**Work to be completed:**
Print out the data below with every line intact.
Data section Start Marker
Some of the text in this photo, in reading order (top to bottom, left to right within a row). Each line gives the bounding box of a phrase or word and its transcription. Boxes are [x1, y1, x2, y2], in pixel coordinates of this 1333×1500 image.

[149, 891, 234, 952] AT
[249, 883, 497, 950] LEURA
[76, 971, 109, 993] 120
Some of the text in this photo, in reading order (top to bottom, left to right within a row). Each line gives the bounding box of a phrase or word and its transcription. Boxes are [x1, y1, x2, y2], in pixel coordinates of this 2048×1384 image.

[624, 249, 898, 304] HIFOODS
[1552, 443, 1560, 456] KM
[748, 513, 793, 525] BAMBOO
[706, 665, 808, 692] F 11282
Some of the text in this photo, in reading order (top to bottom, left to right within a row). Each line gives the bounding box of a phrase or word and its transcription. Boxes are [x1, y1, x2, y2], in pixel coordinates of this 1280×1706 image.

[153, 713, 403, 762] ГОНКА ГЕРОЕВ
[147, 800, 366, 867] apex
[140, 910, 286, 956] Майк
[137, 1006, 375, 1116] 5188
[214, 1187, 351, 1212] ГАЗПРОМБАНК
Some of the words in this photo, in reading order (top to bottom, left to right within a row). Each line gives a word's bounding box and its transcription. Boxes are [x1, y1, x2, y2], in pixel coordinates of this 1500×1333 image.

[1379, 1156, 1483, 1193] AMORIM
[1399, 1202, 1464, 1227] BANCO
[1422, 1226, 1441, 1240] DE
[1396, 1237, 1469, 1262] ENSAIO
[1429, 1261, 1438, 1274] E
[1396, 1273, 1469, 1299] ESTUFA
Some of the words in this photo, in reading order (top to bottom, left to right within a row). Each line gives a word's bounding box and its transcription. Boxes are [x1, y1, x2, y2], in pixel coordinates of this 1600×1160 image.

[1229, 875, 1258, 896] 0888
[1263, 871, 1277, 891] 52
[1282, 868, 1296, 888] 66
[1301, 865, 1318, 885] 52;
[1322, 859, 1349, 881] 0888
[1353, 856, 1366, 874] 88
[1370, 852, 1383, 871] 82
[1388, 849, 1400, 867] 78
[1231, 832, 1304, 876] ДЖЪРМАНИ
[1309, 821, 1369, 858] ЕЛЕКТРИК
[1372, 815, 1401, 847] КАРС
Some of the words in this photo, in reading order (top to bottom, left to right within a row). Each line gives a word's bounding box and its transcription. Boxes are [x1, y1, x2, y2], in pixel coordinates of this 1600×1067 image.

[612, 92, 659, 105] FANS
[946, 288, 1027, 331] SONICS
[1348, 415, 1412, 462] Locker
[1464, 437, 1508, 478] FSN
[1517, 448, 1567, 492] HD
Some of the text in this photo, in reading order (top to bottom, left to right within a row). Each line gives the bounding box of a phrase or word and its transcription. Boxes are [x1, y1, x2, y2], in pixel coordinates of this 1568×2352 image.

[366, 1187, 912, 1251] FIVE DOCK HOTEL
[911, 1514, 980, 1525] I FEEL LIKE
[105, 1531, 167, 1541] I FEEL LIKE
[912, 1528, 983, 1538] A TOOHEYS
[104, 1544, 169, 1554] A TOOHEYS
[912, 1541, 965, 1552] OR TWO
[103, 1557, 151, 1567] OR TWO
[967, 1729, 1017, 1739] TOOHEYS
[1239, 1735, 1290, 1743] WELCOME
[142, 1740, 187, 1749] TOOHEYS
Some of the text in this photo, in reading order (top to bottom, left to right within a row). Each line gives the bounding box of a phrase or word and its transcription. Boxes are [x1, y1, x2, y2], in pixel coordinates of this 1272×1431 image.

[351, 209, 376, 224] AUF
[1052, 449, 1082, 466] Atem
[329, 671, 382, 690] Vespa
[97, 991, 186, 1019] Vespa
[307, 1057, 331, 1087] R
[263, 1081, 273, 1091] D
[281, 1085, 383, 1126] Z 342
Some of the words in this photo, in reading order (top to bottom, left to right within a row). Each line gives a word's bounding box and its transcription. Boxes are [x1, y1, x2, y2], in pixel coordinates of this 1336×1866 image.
Data section End Marker
**Finished task:**
Some of the text in this photo, in reading order (top to bottom, left to right within a row). Each line gives the bounding box of a phrase or word and its transcription. Boxes are [x1, y1, x2, y2], in pixel coordinates of this 1333×1500 image.

[149, 891, 234, 952] AT
[249, 883, 497, 950] LEURA
[76, 971, 109, 993] 120
Some of the text in this photo, in reading order (top to bottom, left to right within a row). Each line gives the bounding box of a phrase or word and its transcription. Boxes are [x1, y1, x2, y2], in pixel coordinates of this 2048×1384 image.

[624, 249, 898, 304] HIFOODS
[1552, 443, 1560, 456] KM
[748, 513, 793, 525] BAMBOO
[706, 665, 808, 692] F 11282
Some of the text in this photo, in reading order (top to bottom, left to right within a row). Each line gives the bounding box of a phrase or word and its transcription. Boxes are [x1, y1, x2, y2], in pixel coordinates of this 1280×1706 image.

[153, 713, 403, 762] ГОНКА ГЕРОЕВ
[147, 800, 366, 867] apex
[140, 910, 286, 956] Майк
[137, 1006, 375, 1116] 5188
[214, 1187, 351, 1212] ГАЗПРОМБАНК
Some of the words in this photo, in reading order (top to bottom, left to right within a row). Each line gives a word's bounding box and its transcription. Boxes are [x1, y1, x2, y2], in pixel coordinates of this 1500×1333 image.

[1379, 1156, 1483, 1193] AMORIM
[1399, 1202, 1464, 1227] BANCO
[1422, 1226, 1441, 1240] DE
[1396, 1237, 1469, 1262] ENSAIO
[1429, 1261, 1438, 1274] E
[1396, 1273, 1469, 1299] ESTUFA
Some of the words in this photo, in reading order (top to bottom, left to right within a row). Each line gives a word's bounding box and its transcription. Boxes are [x1, y1, x2, y2], in pixel coordinates of this 1600×1160 image.

[1229, 875, 1258, 896] 0888
[1263, 871, 1277, 891] 52
[1282, 868, 1296, 888] 66
[1301, 865, 1318, 885] 52;
[1322, 859, 1349, 881] 0888
[1353, 856, 1366, 874] 88
[1370, 852, 1383, 871] 82
[1388, 849, 1400, 867] 78
[1231, 832, 1304, 876] ДЖЪРМАНИ
[1309, 821, 1369, 858] ЕЛЕКТРИК
[1372, 815, 1401, 847] КАРС
Some of the words in this photo, in reading order (top to bottom, left to right within a row). Each line gives a word's bounding box and its transcription. Boxes are [x1, y1, x2, y2], in pixel coordinates of this 1600×1067 image.

[612, 92, 659, 105] FANS
[946, 288, 1027, 331] SONICS
[1348, 415, 1412, 462] Locker
[1464, 437, 1508, 478] FSN
[1517, 448, 1567, 492] HD
Some of the text in this photo, in reading order (top to bottom, left to right within a row). Each line gives the bounding box of a phrase or word and its transcription. Boxes are [x1, y1, x2, y2], in pixel coordinates of this 1568×2352 image.

[366, 1187, 912, 1251] FIVE DOCK HOTEL
[911, 1514, 980, 1525] I FEEL LIKE
[105, 1531, 167, 1541] I FEEL LIKE
[912, 1528, 983, 1538] A TOOHEYS
[104, 1544, 169, 1554] A TOOHEYS
[912, 1541, 965, 1552] OR TWO
[103, 1557, 151, 1567] OR TWO
[967, 1729, 1017, 1739] TOOHEYS
[1239, 1735, 1290, 1743] WELCOME
[142, 1740, 187, 1749] TOOHEYS
Some of the text in this photo, in reading order (top to bottom, left to right within a row). Each line gives the bounding box of a phrase or word and its transcription. Boxes are [x1, y1, x2, y2], in pixel coordinates of this 1272×1431 image.

[351, 209, 376, 224] AUF
[1052, 449, 1082, 466] Atem
[329, 671, 382, 690] Vespa
[97, 991, 186, 1019] Vespa
[307, 1057, 331, 1087] R
[263, 1081, 273, 1091] D
[281, 1085, 383, 1126] Z 342
Some of the words in this photo, in reading order (top to bottom, left to right within a row). Each line gives a word's bounding box and its transcription. Boxes are [x1, y1, x2, y2], in pixel coordinates of this 1336×1866 image.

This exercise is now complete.